(Saved entries)

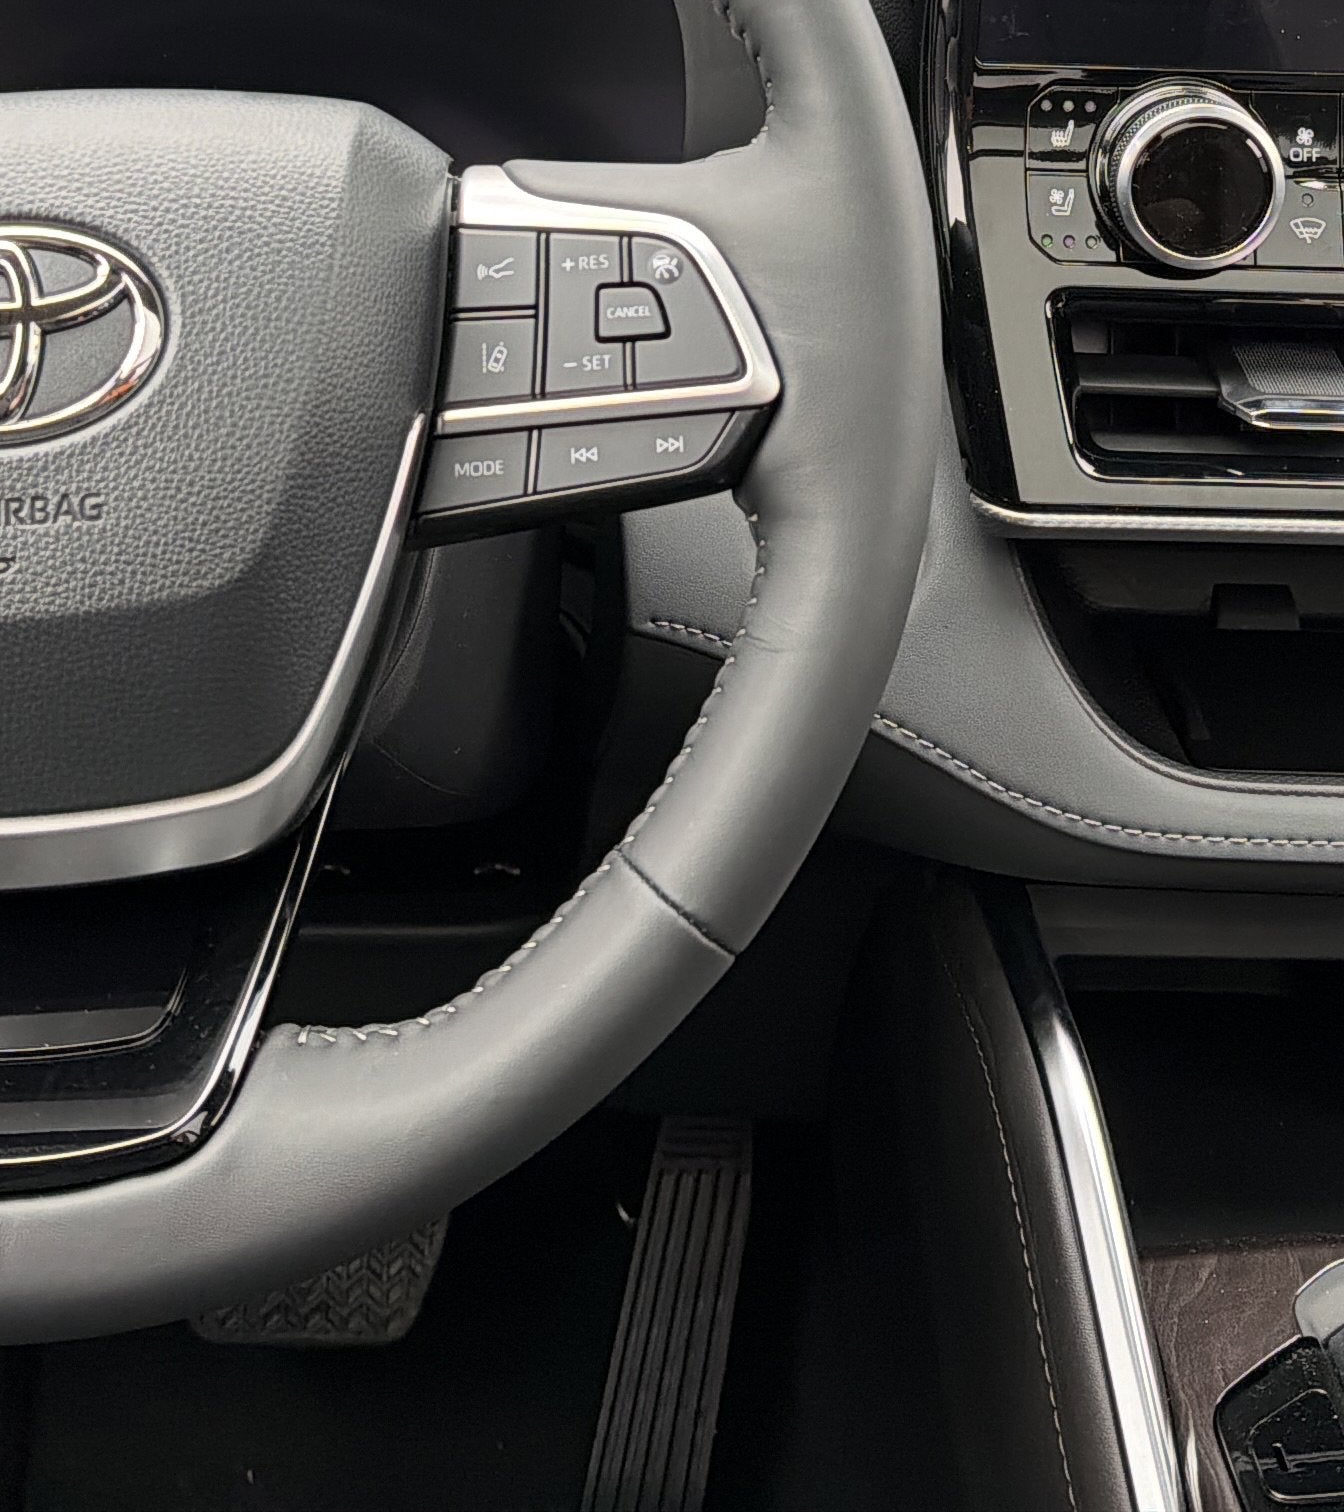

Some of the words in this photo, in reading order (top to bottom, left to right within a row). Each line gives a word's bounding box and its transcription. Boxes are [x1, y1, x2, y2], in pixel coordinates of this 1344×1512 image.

[1289, 147, 1321, 163] OFF
[606, 304, 650, 319] CANCEL
[455, 459, 504, 477] MODE
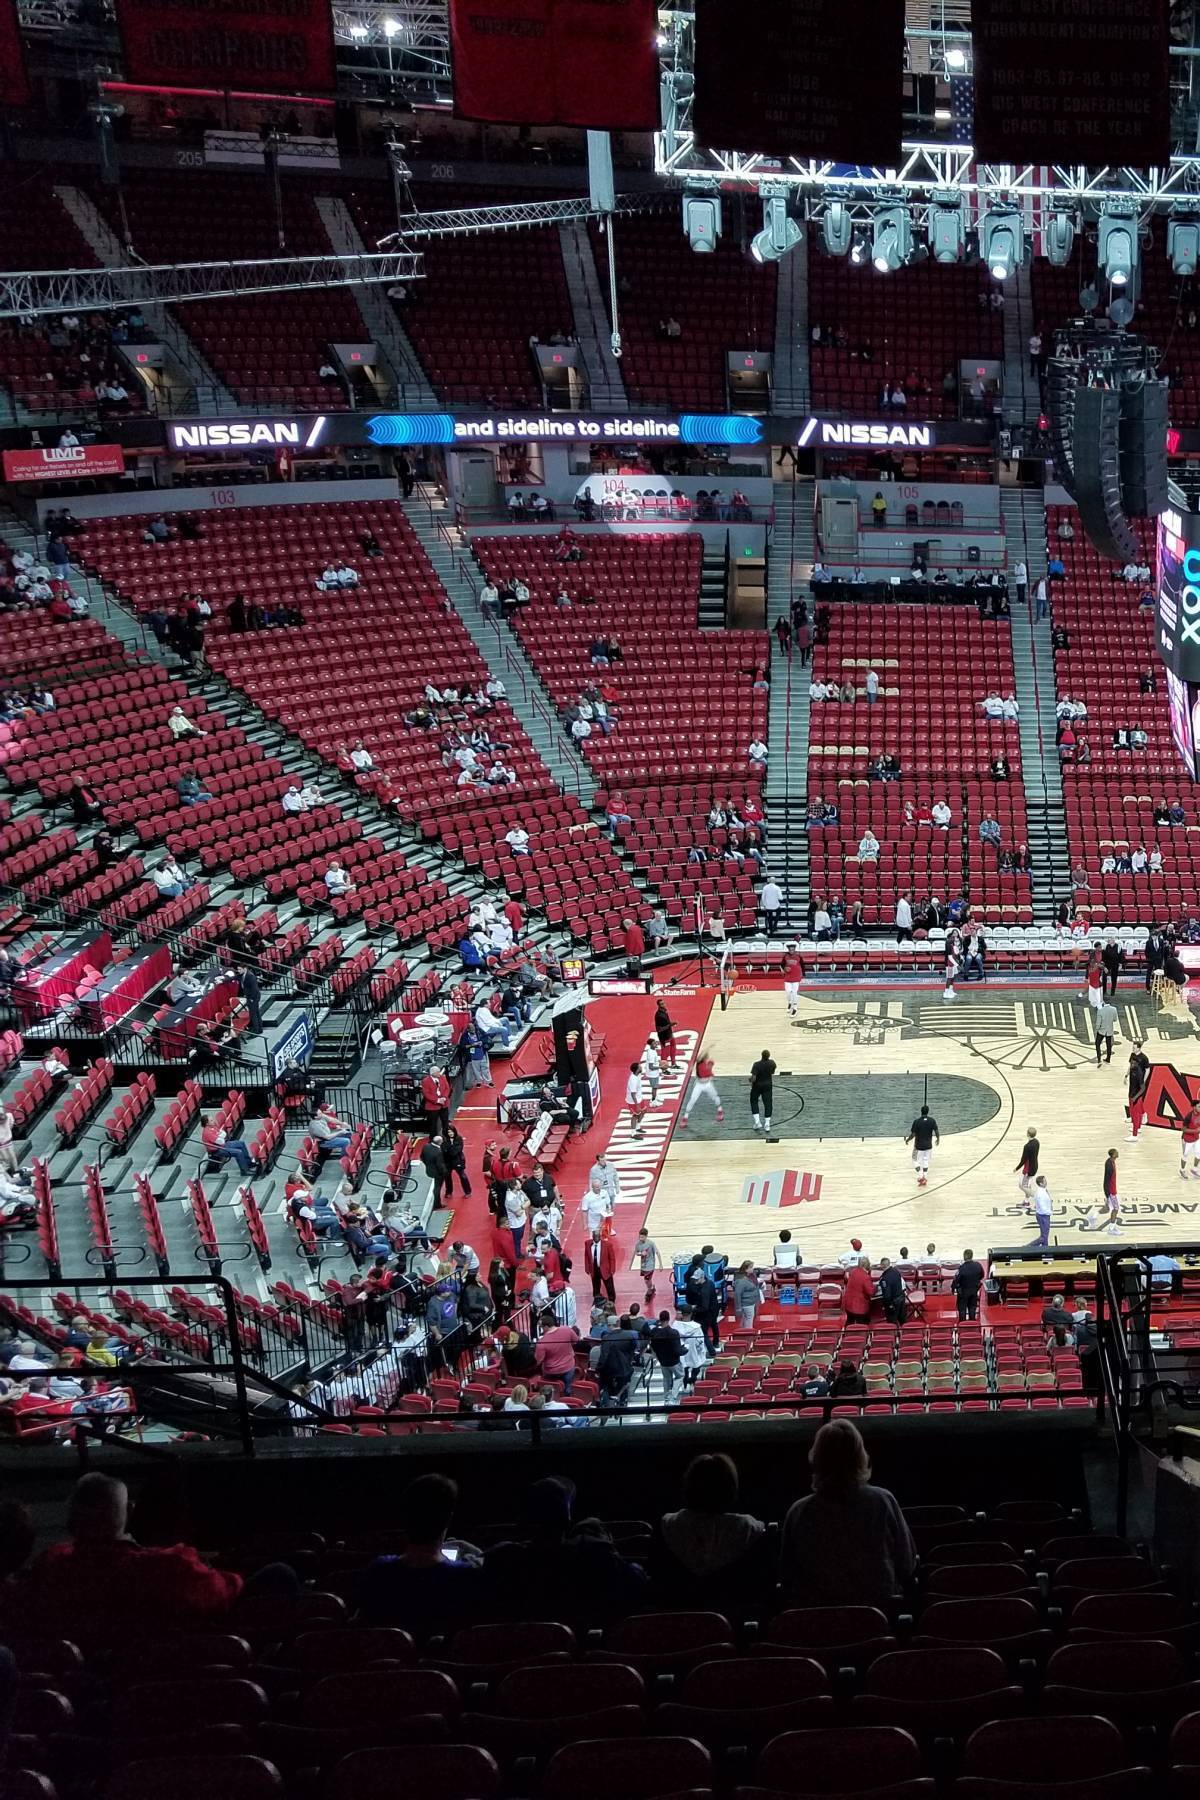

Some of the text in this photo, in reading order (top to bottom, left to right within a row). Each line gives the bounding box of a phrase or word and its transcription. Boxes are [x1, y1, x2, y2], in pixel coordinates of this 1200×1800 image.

[177, 150, 204, 167] 205
[431, 164, 455, 179] 206
[174, 422, 299, 447] NISSAN
[454, 418, 680, 436] and sideline to sideline
[823, 423, 930, 446] NISSAN
[42, 446, 86, 462] UMC
[603, 479, 625, 492] 104
[898, 486, 919, 499] 105
[210, 491, 235, 505] 103
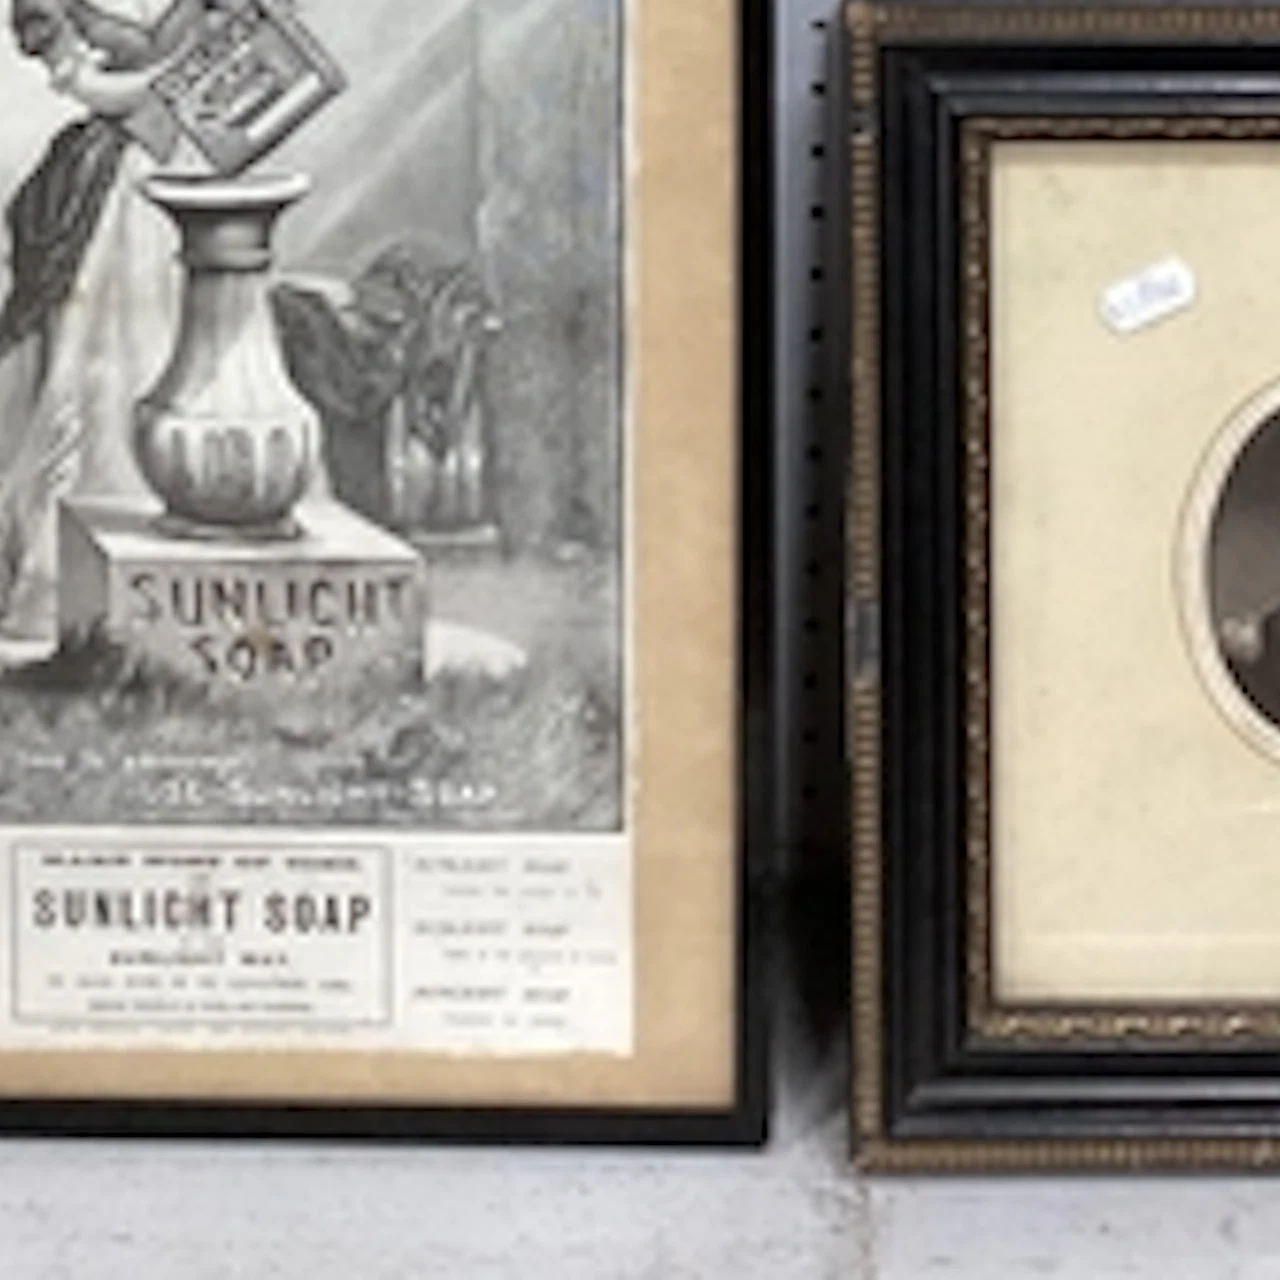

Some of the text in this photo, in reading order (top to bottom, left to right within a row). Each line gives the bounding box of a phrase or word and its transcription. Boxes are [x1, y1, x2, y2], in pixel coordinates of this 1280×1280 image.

[128, 572, 412, 632] SUNLIGHT
[190, 634, 334, 683] SOAP
[32, 887, 372, 935] SUNLIGHT SOAP

> WHAT THE TASK REQUIRES: None of the pictures should be copied, but every record above must be restated in full.

> RESULT:
Some of the words in this photo, in reading order (top to bottom, left to right within a row). Each line gives a word's bounding box and its transcription. Boxes are [x1, y1, x2, y2], in pixel coordinates of this 1344×1512 image.

[1289, 147, 1321, 163] OFF
[606, 304, 650, 319] CANCEL
[455, 459, 504, 477] MODE

Some of the text in this photo, in reading order (top to bottom, left to right within a row). Each line gives the bounding box of a phrase or word and its transcription. Boxes are [x1, y1, x2, y2], in pixel coordinates of this 1200×1800 image.

[177, 150, 204, 167] 205
[431, 164, 455, 179] 206
[174, 422, 299, 447] NISSAN
[454, 418, 680, 436] and sideline to sideline
[823, 423, 930, 446] NISSAN
[42, 446, 86, 462] UMC
[603, 479, 625, 492] 104
[898, 486, 919, 499] 105
[210, 491, 235, 505] 103

Some of the text in this photo, in reading order (top to bottom, left to right within a row). Each line gives the bounding box of a phrase or word and its transcription. Boxes are [x1, y1, x2, y2], in pixel coordinates of this 1280×1280 image.

[128, 572, 412, 632] SUNLIGHT
[190, 634, 334, 683] SOAP
[32, 887, 372, 935] SUNLIGHT SOAP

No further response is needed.